**MATERIAL PROVIDED:**
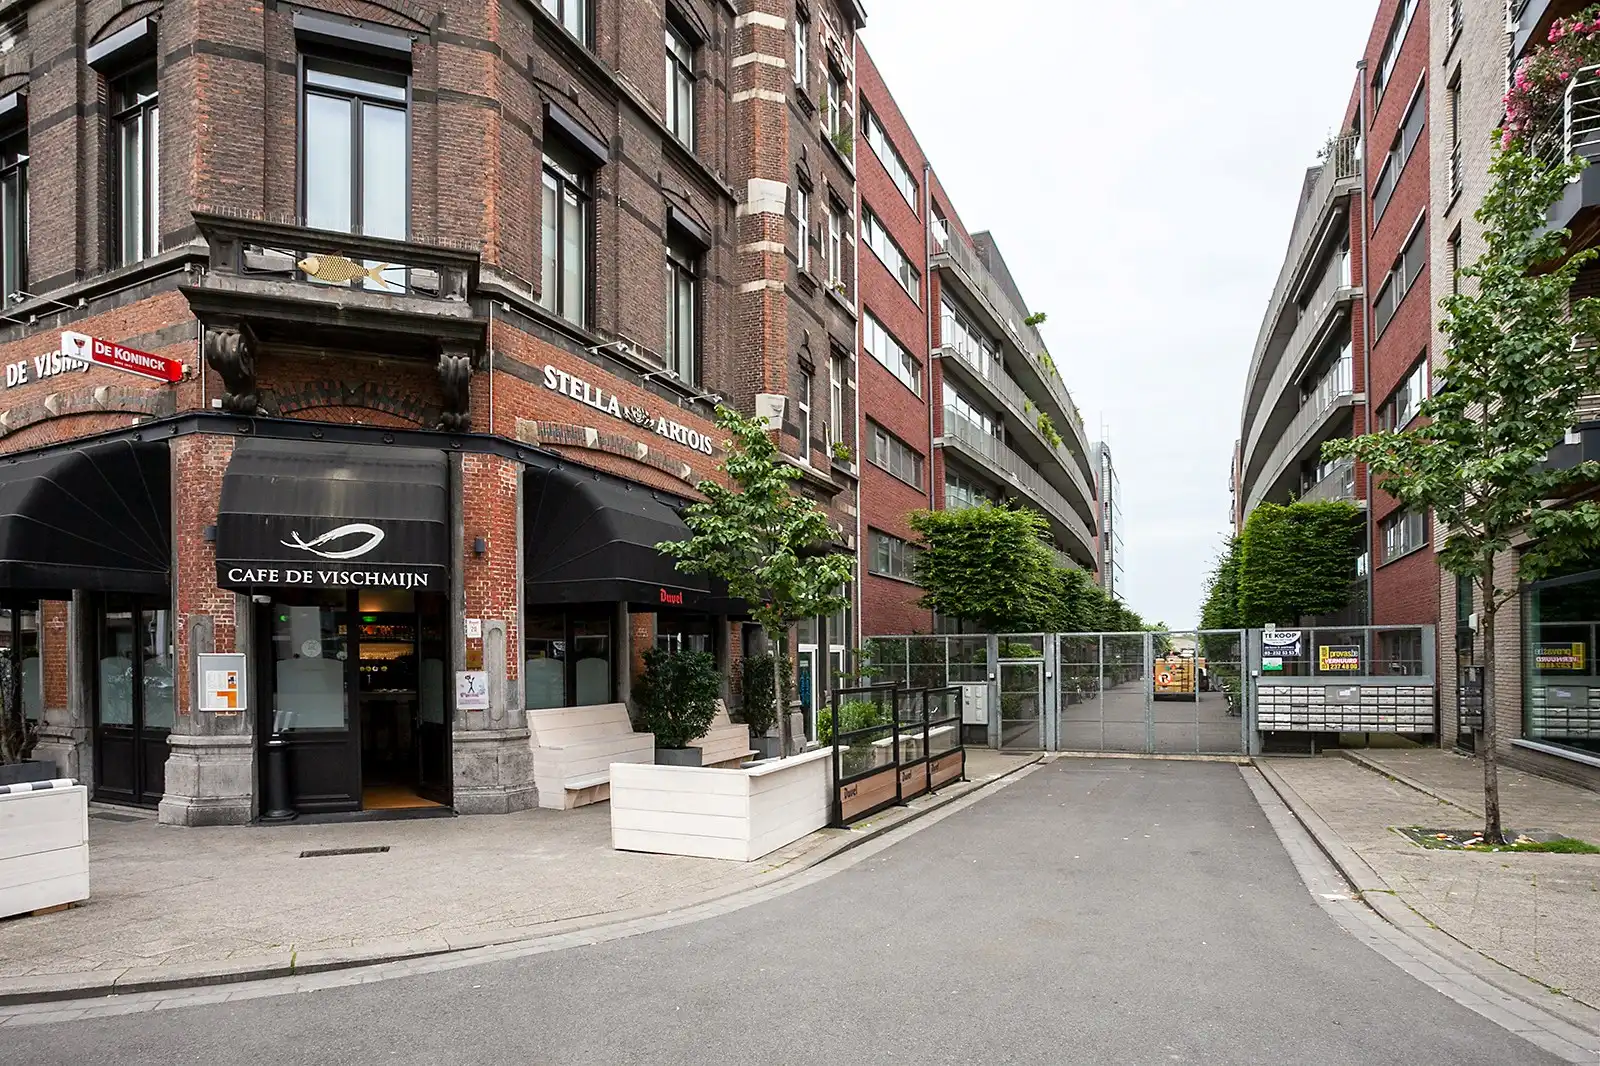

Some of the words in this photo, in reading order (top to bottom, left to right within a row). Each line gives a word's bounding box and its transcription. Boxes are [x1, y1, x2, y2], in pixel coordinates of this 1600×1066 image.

[95, 341, 112, 357] DE
[114, 347, 165, 372] KONINCK
[6, 360, 28, 387] DE
[543, 364, 623, 420] STELLA
[656, 417, 713, 456] ARTOIS
[228, 568, 279, 583] CAFE
[285, 570, 313, 584] DE
[317, 571, 429, 590] VISCHMIJN
[660, 588, 683, 604] Duvel
[844, 783, 858, 799] Duvel
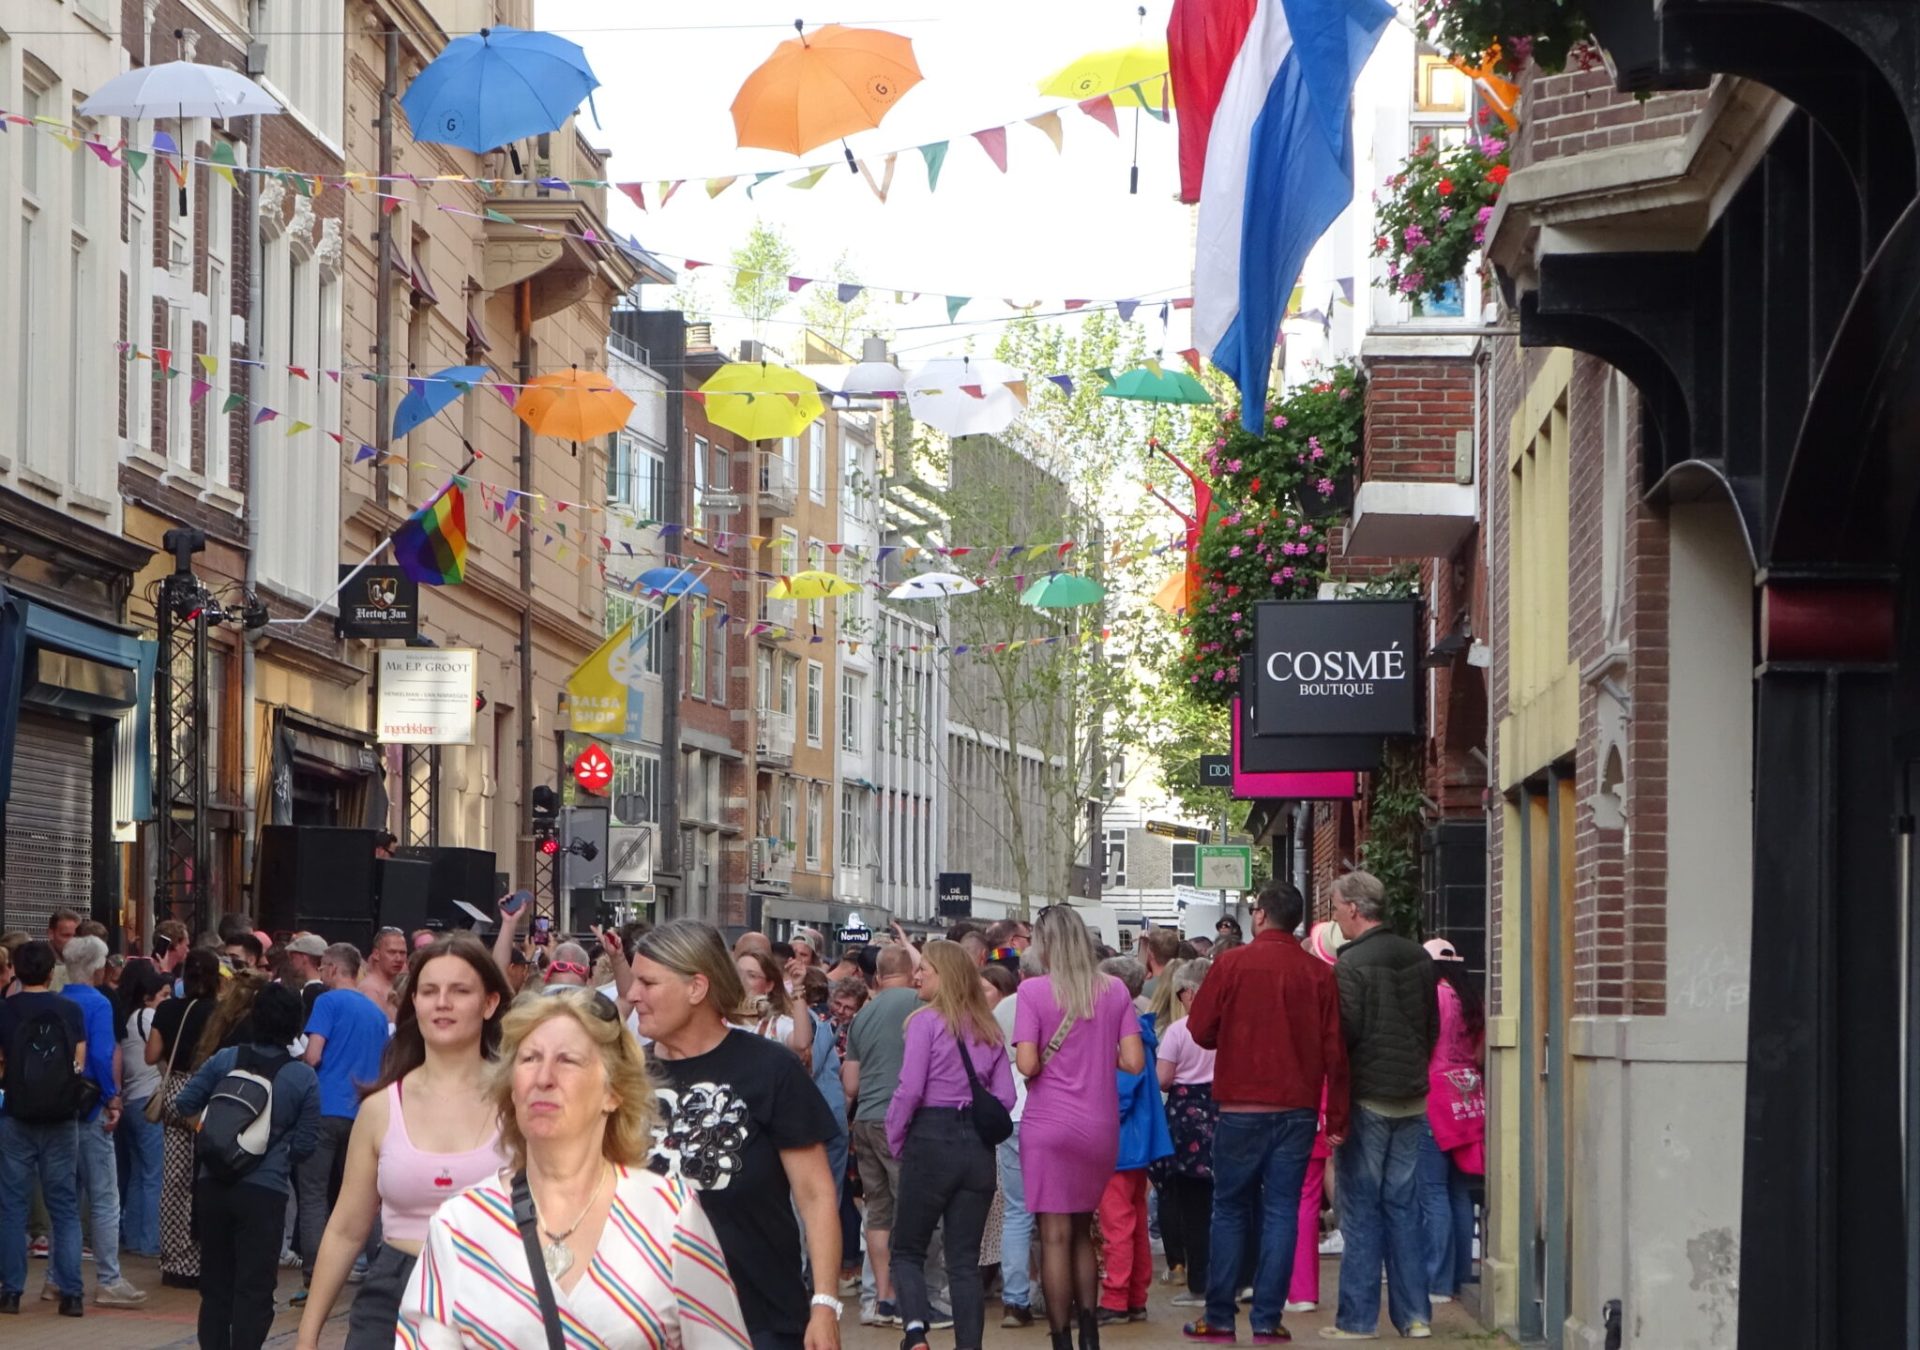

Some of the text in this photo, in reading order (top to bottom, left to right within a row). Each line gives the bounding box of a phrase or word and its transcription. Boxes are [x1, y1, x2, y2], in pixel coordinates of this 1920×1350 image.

**INSTRUCTIONS FOR THE TASK:** Without any pictures, transcribe the listing above exactly as written.

**OUTPUT OF THE EXERCISE:**
Some of the words in this photo, in reading order (top to bottom, left to right within a row). Each line gives a word's bounding box and its transcription. Boxes are [x1, y1, x2, y2], in pixel coordinates of this 1600×1066 image.

[95, 341, 112, 357] DE
[114, 347, 165, 372] KONINCK
[6, 360, 28, 387] DE
[543, 364, 623, 420] STELLA
[656, 417, 713, 456] ARTOIS
[228, 568, 279, 583] CAFE
[285, 570, 313, 584] DE
[317, 571, 429, 590] VISCHMIJN
[660, 588, 683, 604] Duvel
[844, 783, 858, 799] Duvel

Some of the text in this photo, in reading order (top to bottom, left to right within a row). Each line gives the bounding box of a phrase or word and its transcription. Boxes are [x1, y1, x2, y2], in pixel coordinates of this 1920×1350 image.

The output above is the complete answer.